What You Should Know About Caffeine & Headaches

Does caffeine cause your headache or help heal it? The answer is it can do either, depending on the situation. Caffeine is found in coffee, tea, colas, energy drinks, chocolate and more.

Some people have headaches or migraines after consuming even a little caffeine, while others feel caffeine keeps headaches away.
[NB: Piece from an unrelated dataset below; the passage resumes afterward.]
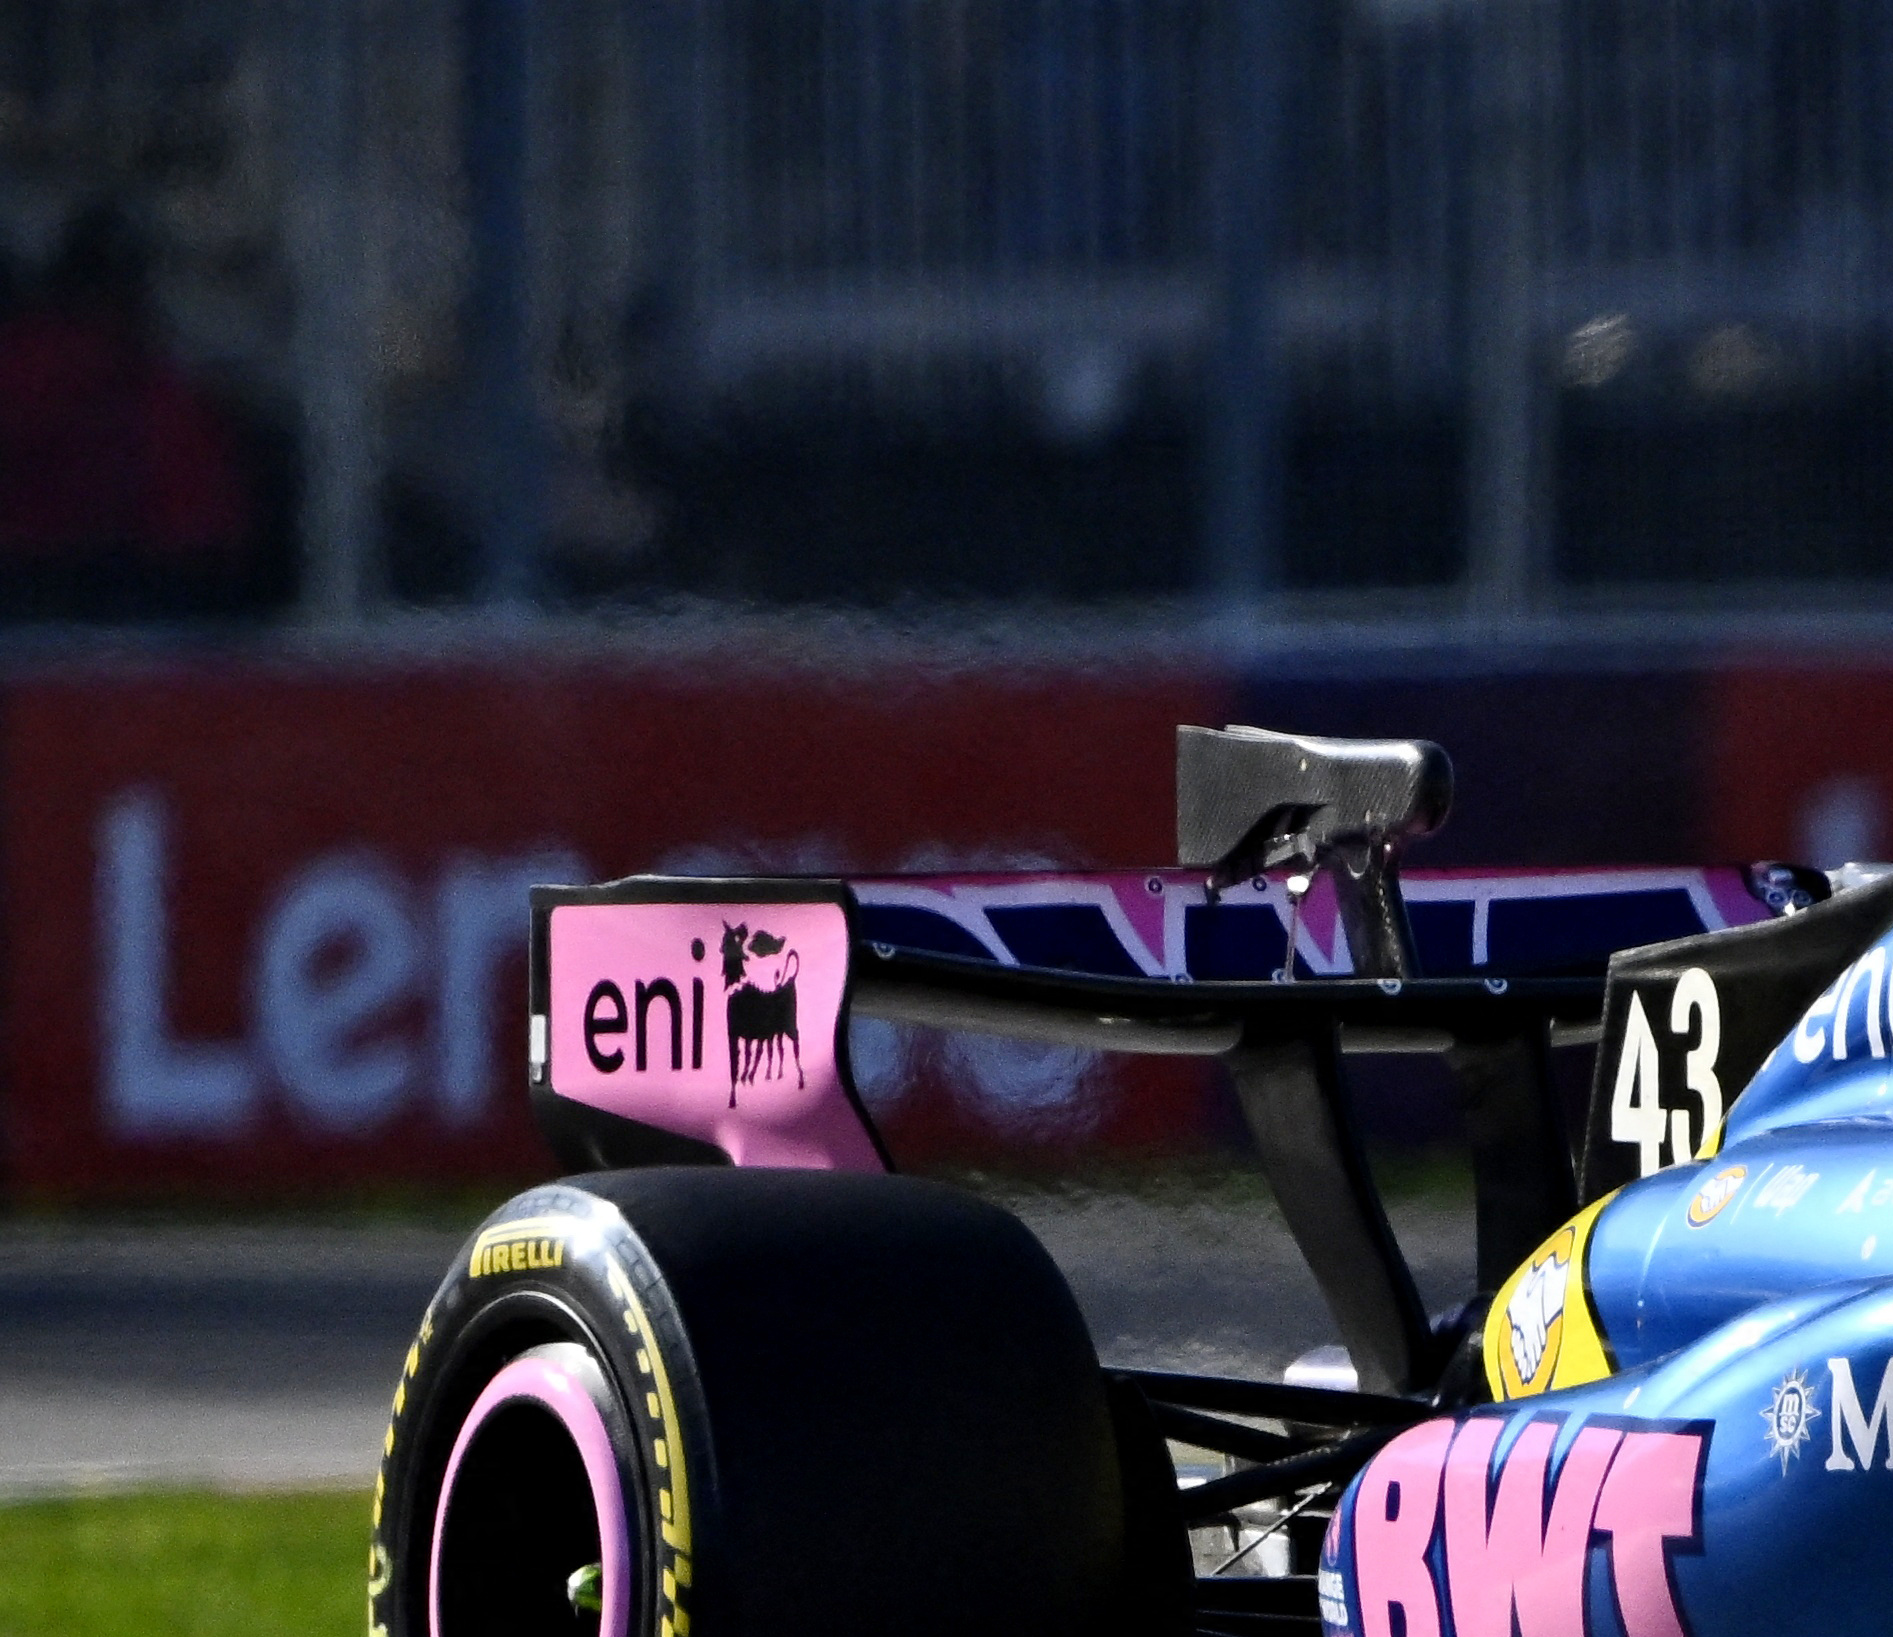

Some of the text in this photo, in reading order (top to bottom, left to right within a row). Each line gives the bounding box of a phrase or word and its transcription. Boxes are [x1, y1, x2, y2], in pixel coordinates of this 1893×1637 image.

How caffeine helps headaches

According to the National Headache Foundation, caffeine can make headache pain relievers like aspirin and acetaminophen up to 40 percent more effective. In fact, caffeine is an ingredient in Goody’s® Extra Strength Headache Powder pain reliever. With many headaches or migraines, the blood vessels in the brain expand and increase blood flow, which can cause throbbing pain. The reason caffeine helps is that it reduces inflammation by narrowing the blood vessels surrounding your brain, and it helps the body absorb aspirin, acetaminophen and ibuprofen more quickly.

Caffeine is often recommended to relieve post-lumbar puncture (spinal tap) headaches and is especially effective to relieve or prevent hypnic headaches. Hypnic headaches are rare but occur mostly in elderly adults and come on usually right after they fall asleep. Doctors recommend that people who experience hypnic headaches drink a small serving of coffee before they go to sleep.

How caffeine triggers headaches

Caffeine-related headaches result from either consuming too much caffeine (and not enough water) or having less than your usual daily caffeine intake. If you’re not used to caffeine and suddenly consume some, you may feel a headache from the narrowing of arteries and possibly dehydration if you substituted coffee for more water intake.

If you usually have one or more cups of coffee a day or other caffeinated beverages or food and suddenly go without caffeine (or with much less) for a day or two, the resulting expansion of arteries around your brain may cause a headache. This is due to caffeine withdrawal. Your body may need time to adjust to not having caffeine—caffeine withdrawal headaches might occur for up to a week or more. It’s best to wean yourself off of caffeine, if needed, instead of stopping abruptly to try and avoid these painful withdrawal headaches.

The bright side is that caffeine can cure withdrawal headaches, so if you are trying to eliminate caffeine from your diet and experience headaches, try a small serving of caffeinated coffee or tea to see if your symptoms go away.

By paying attention to how your body and brain react to caffeine, you get to know your triggers and can more likely avoid having caffeine-related headaches.